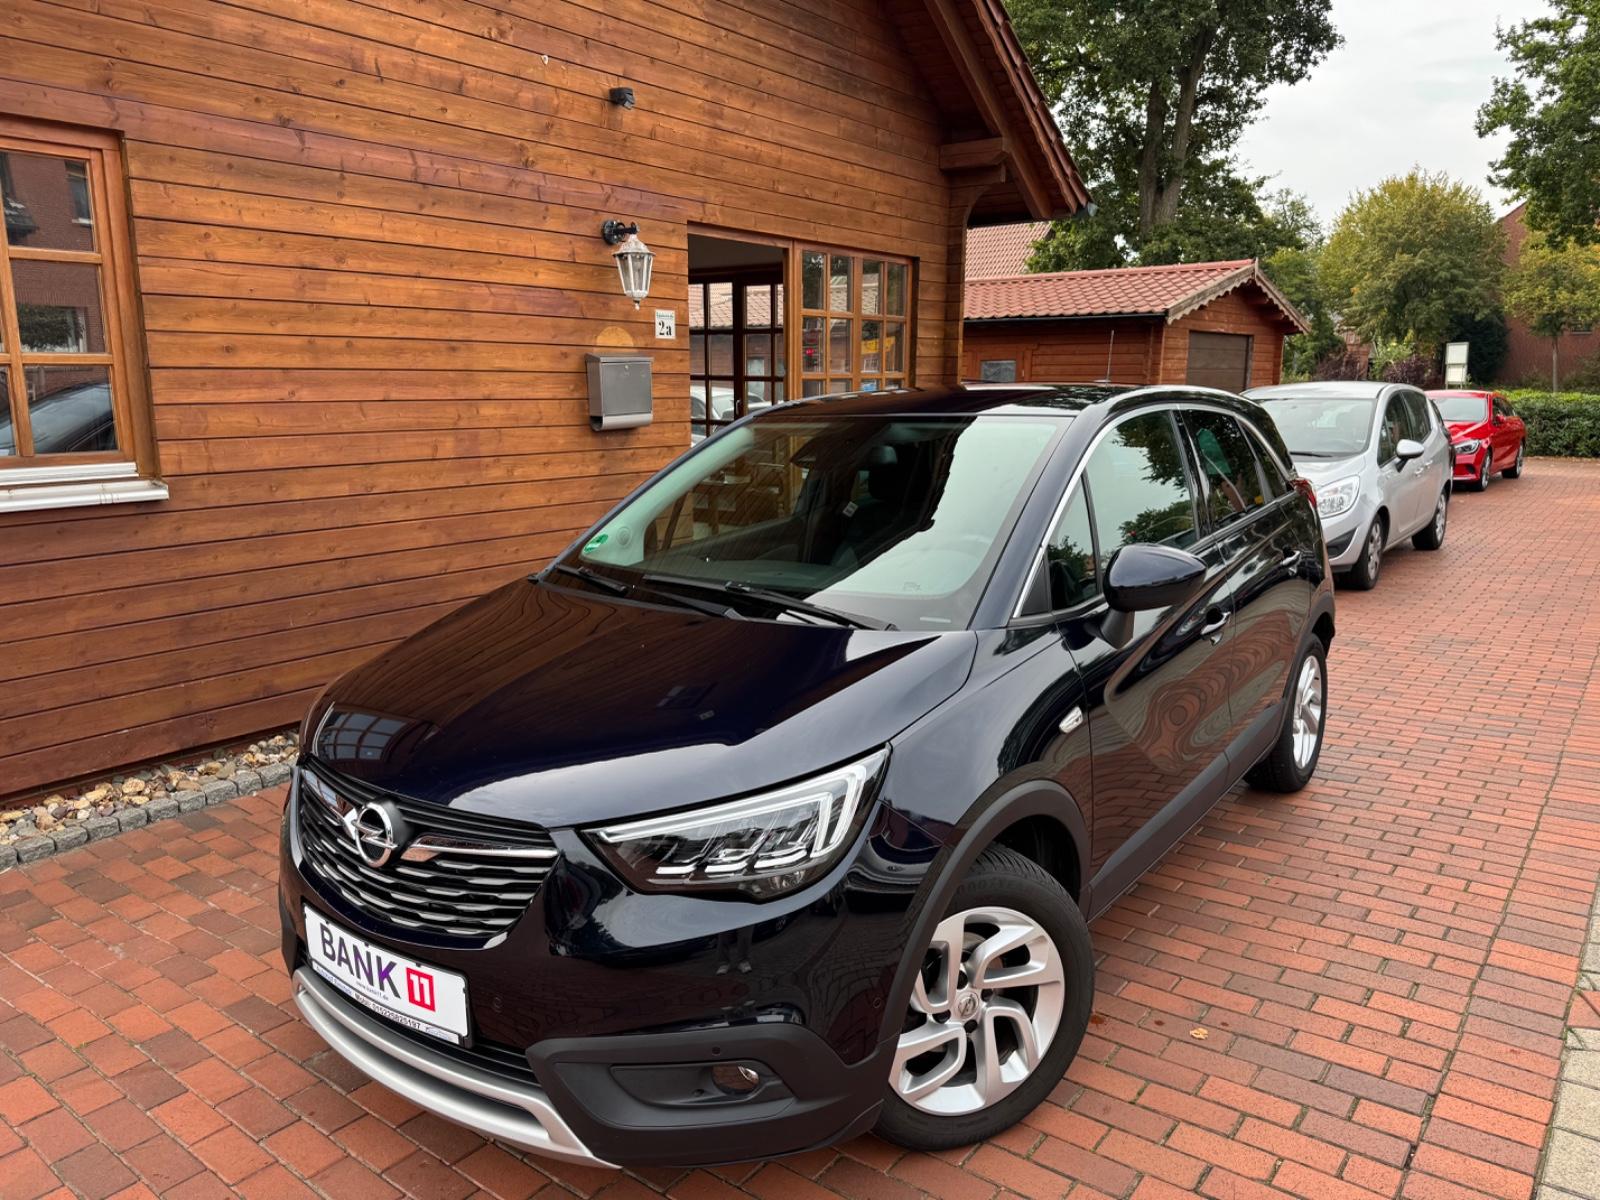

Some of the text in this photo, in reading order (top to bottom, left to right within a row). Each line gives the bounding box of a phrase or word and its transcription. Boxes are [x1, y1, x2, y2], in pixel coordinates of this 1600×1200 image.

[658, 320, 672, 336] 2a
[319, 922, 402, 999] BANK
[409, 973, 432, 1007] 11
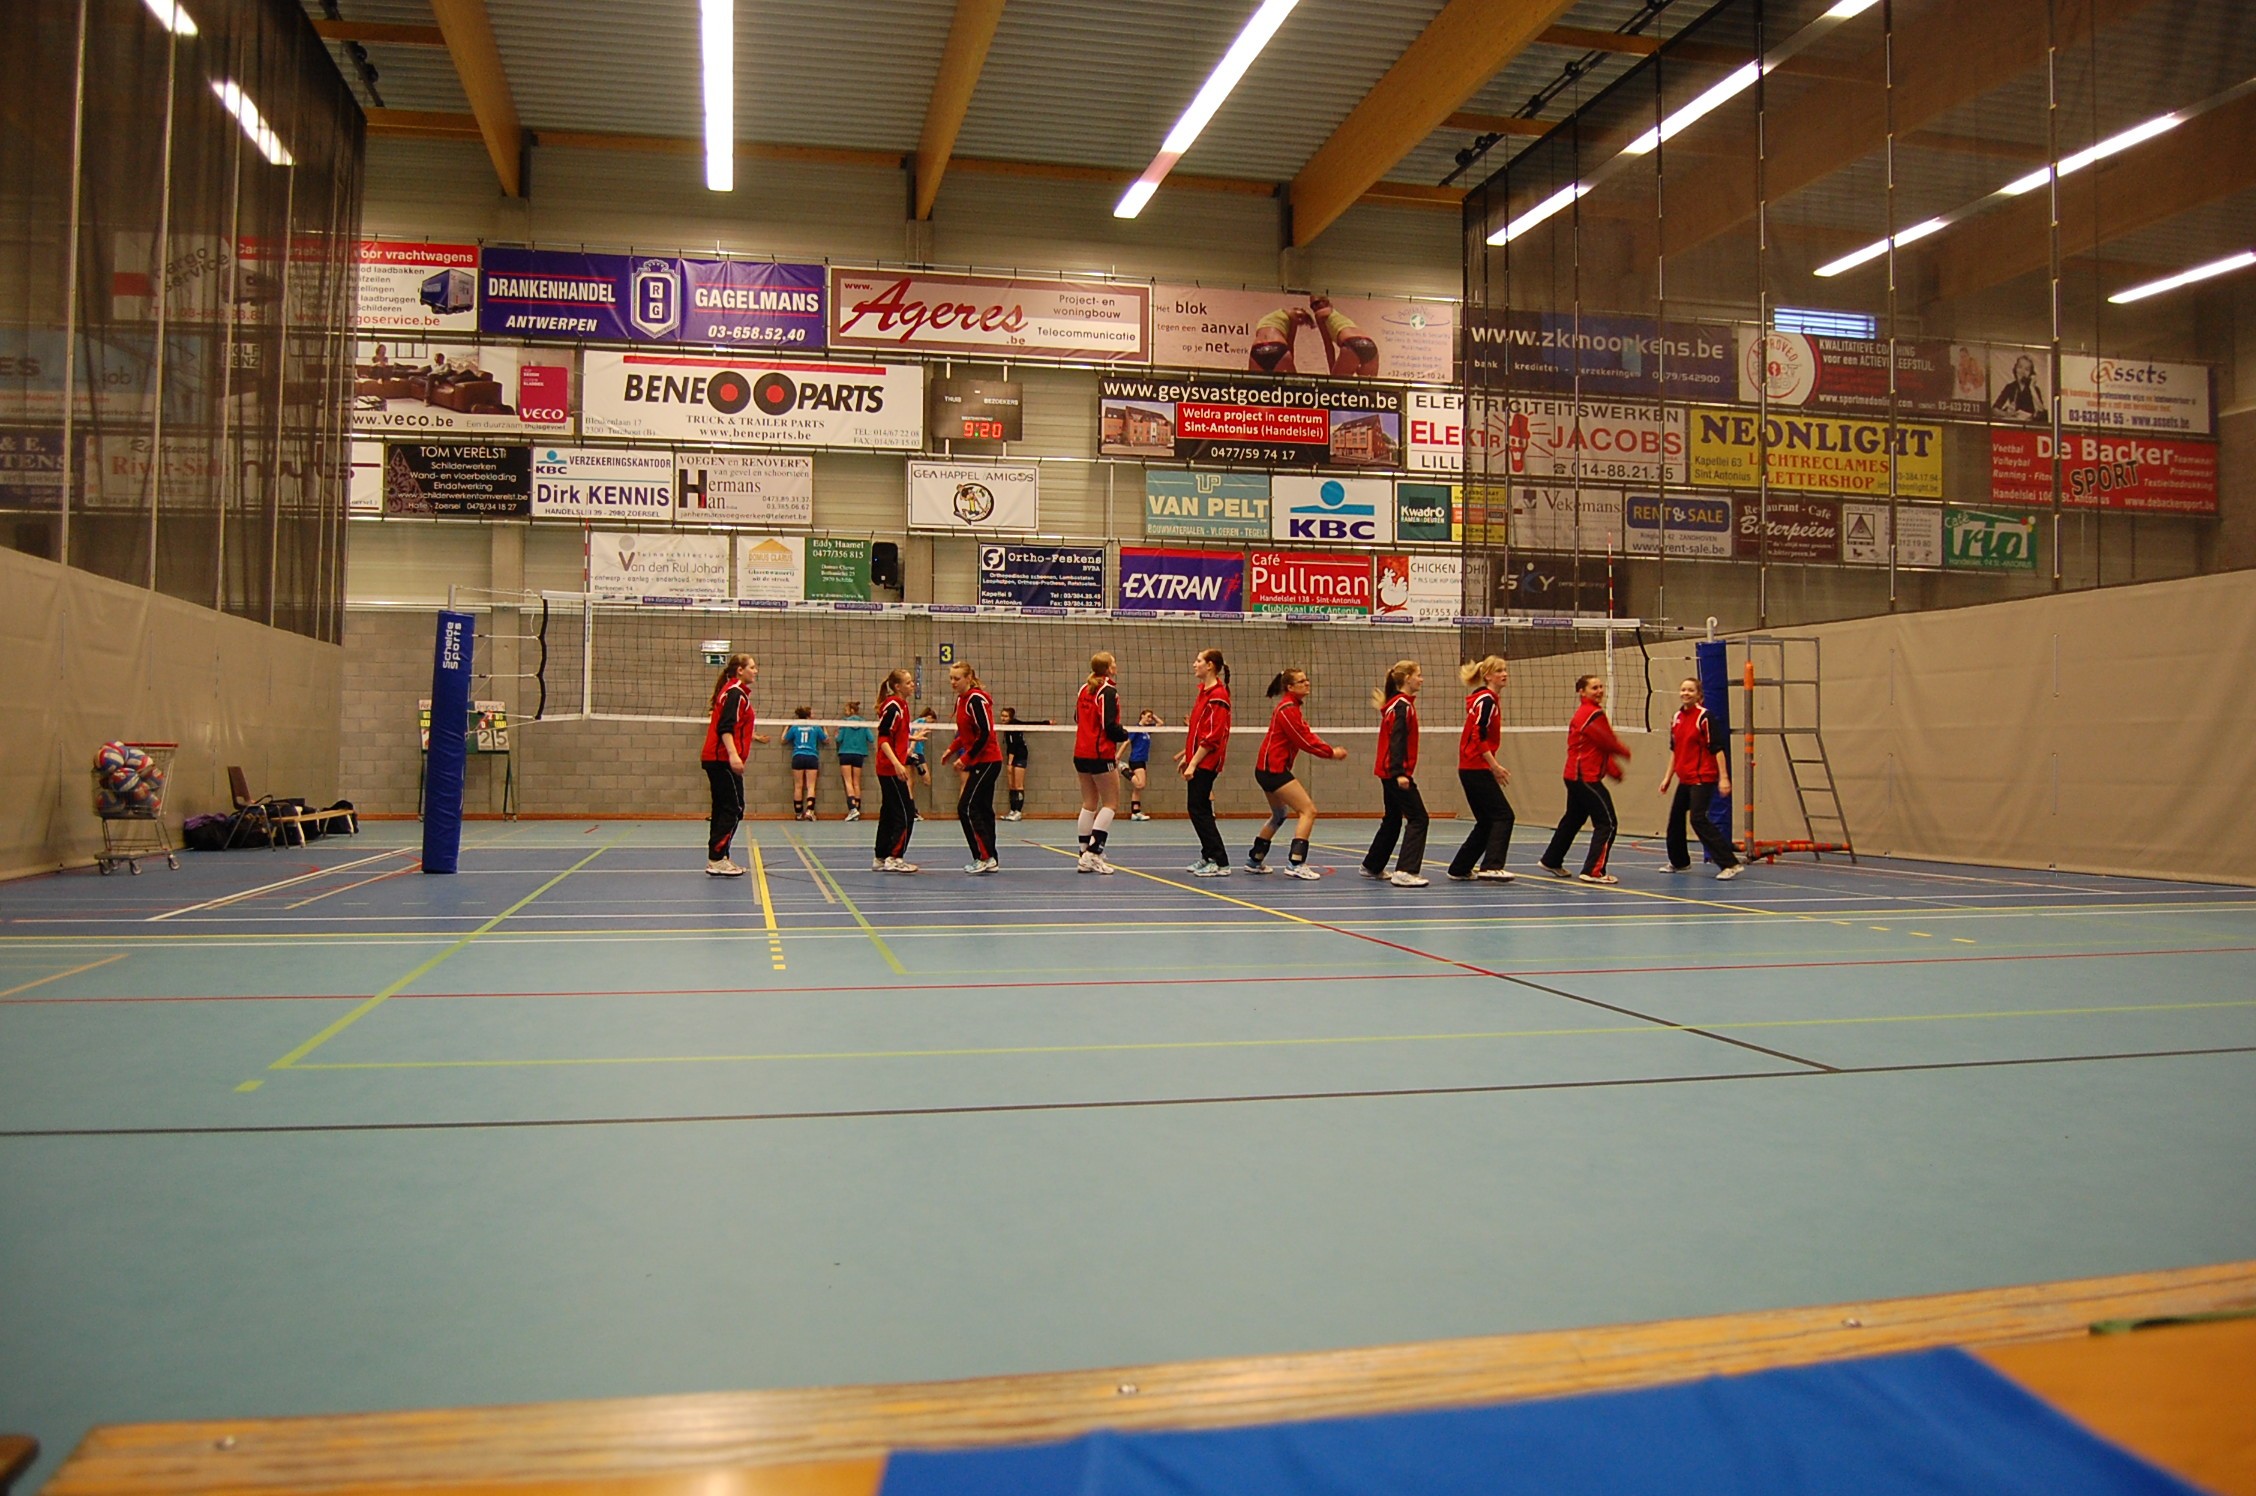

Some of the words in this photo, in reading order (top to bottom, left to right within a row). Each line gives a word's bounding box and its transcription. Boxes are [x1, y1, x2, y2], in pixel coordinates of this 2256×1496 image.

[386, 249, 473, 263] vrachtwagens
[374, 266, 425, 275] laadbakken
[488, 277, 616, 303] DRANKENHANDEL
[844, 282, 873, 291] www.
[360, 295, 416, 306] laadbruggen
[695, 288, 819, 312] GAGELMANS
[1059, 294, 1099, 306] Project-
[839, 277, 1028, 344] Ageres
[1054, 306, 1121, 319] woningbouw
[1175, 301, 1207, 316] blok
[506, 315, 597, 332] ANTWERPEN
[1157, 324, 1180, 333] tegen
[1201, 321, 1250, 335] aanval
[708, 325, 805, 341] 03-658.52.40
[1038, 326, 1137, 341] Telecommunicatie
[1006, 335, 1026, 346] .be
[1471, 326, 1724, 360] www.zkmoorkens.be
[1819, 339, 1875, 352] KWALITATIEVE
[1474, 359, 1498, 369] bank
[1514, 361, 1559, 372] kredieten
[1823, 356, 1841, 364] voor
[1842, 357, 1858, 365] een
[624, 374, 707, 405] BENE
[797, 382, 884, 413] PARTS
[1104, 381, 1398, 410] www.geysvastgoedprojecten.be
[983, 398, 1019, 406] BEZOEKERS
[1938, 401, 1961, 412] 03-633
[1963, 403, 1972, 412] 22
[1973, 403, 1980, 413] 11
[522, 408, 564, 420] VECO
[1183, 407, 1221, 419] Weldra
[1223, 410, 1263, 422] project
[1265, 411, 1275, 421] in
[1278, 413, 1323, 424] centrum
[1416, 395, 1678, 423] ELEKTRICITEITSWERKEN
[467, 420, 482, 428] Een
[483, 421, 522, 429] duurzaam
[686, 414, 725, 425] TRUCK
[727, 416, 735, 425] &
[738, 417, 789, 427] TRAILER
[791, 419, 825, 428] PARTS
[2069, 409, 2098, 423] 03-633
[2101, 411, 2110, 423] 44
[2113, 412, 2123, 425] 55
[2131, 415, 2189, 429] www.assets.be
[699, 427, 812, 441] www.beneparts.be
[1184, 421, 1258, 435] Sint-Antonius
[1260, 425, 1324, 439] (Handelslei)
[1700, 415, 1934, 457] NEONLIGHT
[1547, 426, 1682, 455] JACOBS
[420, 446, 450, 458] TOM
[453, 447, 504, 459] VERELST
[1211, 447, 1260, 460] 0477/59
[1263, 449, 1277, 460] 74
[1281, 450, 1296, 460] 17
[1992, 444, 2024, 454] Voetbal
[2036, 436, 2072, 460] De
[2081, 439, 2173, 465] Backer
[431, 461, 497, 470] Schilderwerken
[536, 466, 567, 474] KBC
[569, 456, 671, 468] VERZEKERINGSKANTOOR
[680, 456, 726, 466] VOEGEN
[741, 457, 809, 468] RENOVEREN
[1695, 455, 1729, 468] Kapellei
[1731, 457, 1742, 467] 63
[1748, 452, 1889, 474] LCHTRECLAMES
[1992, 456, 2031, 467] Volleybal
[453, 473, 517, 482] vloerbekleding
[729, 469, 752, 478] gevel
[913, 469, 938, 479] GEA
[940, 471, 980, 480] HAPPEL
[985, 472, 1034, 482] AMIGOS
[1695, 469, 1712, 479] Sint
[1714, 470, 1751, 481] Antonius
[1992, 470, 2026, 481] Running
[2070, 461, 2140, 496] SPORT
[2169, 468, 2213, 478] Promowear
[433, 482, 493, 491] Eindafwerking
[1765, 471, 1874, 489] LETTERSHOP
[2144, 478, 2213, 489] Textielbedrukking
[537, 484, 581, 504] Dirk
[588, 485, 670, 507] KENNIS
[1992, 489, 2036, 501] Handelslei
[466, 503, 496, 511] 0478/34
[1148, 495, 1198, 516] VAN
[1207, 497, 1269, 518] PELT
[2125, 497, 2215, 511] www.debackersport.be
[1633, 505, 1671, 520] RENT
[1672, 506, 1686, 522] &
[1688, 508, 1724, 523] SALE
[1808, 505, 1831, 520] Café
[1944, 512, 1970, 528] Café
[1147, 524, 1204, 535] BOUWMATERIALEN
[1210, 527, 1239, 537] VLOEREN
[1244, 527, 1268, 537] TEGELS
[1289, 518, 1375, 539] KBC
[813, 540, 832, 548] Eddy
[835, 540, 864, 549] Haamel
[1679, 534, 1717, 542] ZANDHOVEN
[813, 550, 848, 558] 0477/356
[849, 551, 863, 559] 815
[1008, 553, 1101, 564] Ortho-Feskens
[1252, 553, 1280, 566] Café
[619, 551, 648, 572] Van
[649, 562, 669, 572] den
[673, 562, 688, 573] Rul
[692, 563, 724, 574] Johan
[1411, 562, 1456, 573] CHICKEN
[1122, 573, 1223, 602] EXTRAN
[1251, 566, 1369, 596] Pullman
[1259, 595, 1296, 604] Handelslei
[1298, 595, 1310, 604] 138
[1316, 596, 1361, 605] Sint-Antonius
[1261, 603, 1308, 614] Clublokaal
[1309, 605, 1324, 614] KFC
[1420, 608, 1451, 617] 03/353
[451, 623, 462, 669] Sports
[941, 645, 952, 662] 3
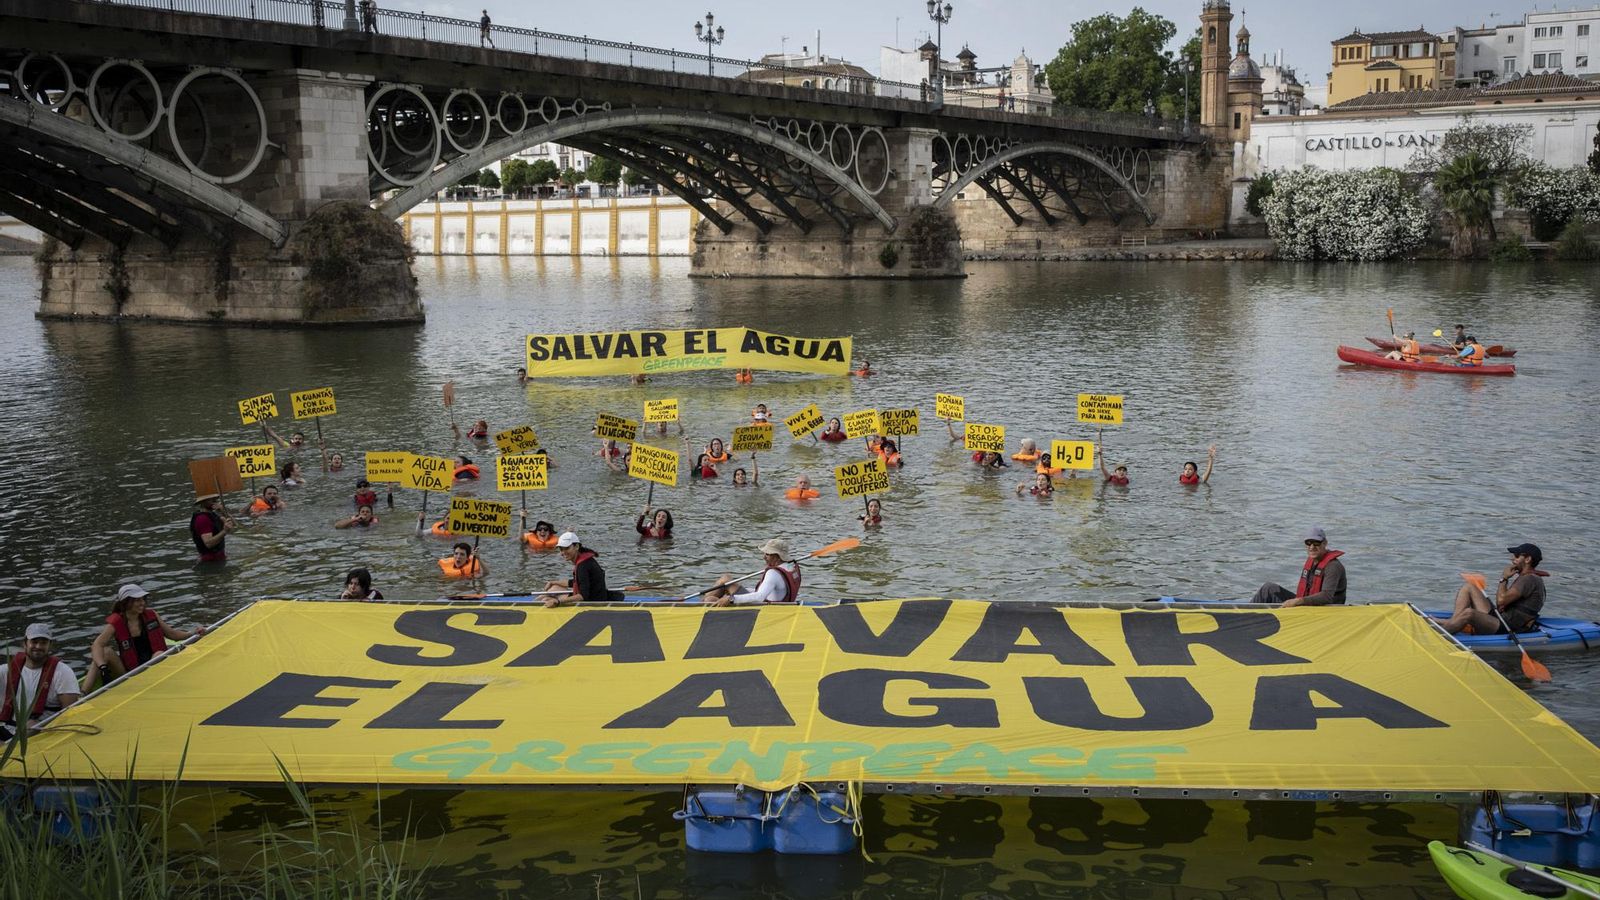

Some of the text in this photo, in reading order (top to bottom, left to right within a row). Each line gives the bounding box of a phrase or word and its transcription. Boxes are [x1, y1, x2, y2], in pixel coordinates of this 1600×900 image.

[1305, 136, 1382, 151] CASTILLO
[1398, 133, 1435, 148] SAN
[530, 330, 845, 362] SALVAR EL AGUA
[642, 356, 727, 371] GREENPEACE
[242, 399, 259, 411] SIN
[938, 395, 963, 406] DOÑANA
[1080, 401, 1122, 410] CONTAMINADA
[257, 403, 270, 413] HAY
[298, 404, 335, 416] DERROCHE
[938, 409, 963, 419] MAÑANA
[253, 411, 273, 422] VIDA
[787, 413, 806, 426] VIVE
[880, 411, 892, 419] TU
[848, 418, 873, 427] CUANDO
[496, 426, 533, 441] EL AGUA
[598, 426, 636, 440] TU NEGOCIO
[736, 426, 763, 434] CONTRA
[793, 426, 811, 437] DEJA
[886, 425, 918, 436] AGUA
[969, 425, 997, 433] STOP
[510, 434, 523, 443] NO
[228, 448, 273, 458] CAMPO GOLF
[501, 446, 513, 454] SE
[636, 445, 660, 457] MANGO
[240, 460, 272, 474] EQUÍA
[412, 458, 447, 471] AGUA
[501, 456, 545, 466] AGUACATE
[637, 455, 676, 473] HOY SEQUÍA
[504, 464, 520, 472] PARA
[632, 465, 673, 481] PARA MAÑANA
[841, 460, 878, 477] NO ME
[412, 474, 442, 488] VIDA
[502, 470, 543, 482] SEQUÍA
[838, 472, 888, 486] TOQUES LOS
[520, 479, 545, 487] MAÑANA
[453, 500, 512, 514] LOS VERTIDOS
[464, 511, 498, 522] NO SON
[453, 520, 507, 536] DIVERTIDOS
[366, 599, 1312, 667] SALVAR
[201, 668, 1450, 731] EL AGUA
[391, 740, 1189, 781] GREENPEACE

Instructions for the task. Copy over exactly the lines above from the one with "this 1600×900 image." to the last, both included, and no others.

Answer for the task.
Some of the text in this photo, in reading order (top to bottom, left to right within a row). Each line gives the bounding box of a phrase or word and its transcription. Boxes are [x1, y1, x2, y2], in pixel coordinates of this 1600×900 image.

[1305, 136, 1382, 151] CASTILLO
[1398, 133, 1435, 148] SAN
[530, 330, 845, 362] SALVAR EL AGUA
[642, 356, 727, 371] GREENPEACE
[242, 399, 259, 411] SIN
[938, 395, 963, 406] DOÑANA
[1080, 401, 1122, 410] CONTAMINADA
[257, 403, 270, 413] HAY
[298, 404, 335, 416] DERROCHE
[938, 409, 963, 419] MAÑANA
[253, 411, 273, 422] VIDA
[787, 413, 806, 426] VIVE
[880, 411, 892, 419] TU
[848, 418, 873, 427] CUANDO
[496, 426, 533, 441] EL AGUA
[598, 426, 636, 440] TU NEGOCIO
[736, 426, 763, 434] CONTRA
[793, 426, 811, 437] DEJA
[886, 425, 918, 436] AGUA
[969, 425, 997, 433] STOP
[510, 434, 523, 443] NO
[228, 448, 273, 458] CAMPO GOLF
[501, 446, 513, 454] SE
[636, 445, 660, 457] MANGO
[240, 460, 272, 474] EQUÍA
[412, 458, 447, 471] AGUA
[501, 456, 545, 466] AGUACATE
[637, 455, 676, 473] HOY SEQUÍA
[504, 464, 520, 472] PARA
[632, 465, 673, 481] PARA MAÑANA
[841, 460, 878, 477] NO ME
[412, 474, 442, 488] VIDA
[502, 470, 543, 482] SEQUÍA
[838, 472, 888, 486] TOQUES LOS
[520, 479, 545, 487] MAÑANA
[453, 500, 512, 514] LOS VERTIDOS
[464, 511, 498, 522] NO SON
[453, 520, 507, 536] DIVERTIDOS
[366, 599, 1312, 667] SALVAR
[201, 668, 1450, 731] EL AGUA
[391, 740, 1189, 781] GREENPEACE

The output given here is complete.